━━━ Records for the task ━━━
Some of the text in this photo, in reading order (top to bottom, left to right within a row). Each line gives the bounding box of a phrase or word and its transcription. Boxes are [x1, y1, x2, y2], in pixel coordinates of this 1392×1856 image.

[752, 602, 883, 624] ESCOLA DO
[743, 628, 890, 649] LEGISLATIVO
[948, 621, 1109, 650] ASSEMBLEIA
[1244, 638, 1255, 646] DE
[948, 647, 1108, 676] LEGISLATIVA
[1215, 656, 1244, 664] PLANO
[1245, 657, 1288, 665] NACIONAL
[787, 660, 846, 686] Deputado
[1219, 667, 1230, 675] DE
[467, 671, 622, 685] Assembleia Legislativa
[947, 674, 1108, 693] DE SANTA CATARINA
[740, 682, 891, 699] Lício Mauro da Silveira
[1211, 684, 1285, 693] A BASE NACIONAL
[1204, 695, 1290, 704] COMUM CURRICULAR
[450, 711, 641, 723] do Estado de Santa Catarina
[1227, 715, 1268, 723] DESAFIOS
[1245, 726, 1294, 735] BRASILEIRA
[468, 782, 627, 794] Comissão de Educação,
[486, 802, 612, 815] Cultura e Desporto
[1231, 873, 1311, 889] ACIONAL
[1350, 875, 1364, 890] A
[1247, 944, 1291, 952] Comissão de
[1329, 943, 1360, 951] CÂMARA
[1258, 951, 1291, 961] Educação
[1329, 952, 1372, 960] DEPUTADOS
━━━
Task requirements:
Please retype all of the data above exactly as it appears.

Response to the exercise:
Some of the text in this photo, in reading order (top to bottom, left to right within a row). Each line gives the bounding box of a phrase or word and its transcription. Boxes are [x1, y1, x2, y2], in pixel coordinates of this 1392×1856 image.

[752, 602, 883, 624] ESCOLA DO
[743, 628, 890, 649] LEGISLATIVO
[948, 621, 1109, 650] ASSEMBLEIA
[1244, 638, 1255, 646] DE
[948, 647, 1108, 676] LEGISLATIVA
[1215, 656, 1244, 664] PLANO
[1245, 657, 1288, 665] NACIONAL
[787, 660, 846, 686] Deputado
[1219, 667, 1230, 675] DE
[467, 671, 622, 685] Assembleia Legislativa
[947, 674, 1108, 693] DE SANTA CATARINA
[740, 682, 891, 699] Lício Mauro da Silveira
[1211, 684, 1285, 693] A BASE NACIONAL
[1204, 695, 1290, 704] COMUM CURRICULAR
[450, 711, 641, 723] do Estado de Santa Catarina
[1227, 715, 1268, 723] DESAFIOS
[1245, 726, 1294, 735] BRASILEIRA
[468, 782, 627, 794] Comissão de Educação,
[486, 802, 612, 815] Cultura e Desporto
[1231, 873, 1311, 889] ACIONAL
[1350, 875, 1364, 890] A
[1247, 944, 1291, 952] Comissão de
[1329, 943, 1360, 951] CÂMARA
[1258, 951, 1291, 961] Educação
[1329, 952, 1372, 960] DEPUTADOS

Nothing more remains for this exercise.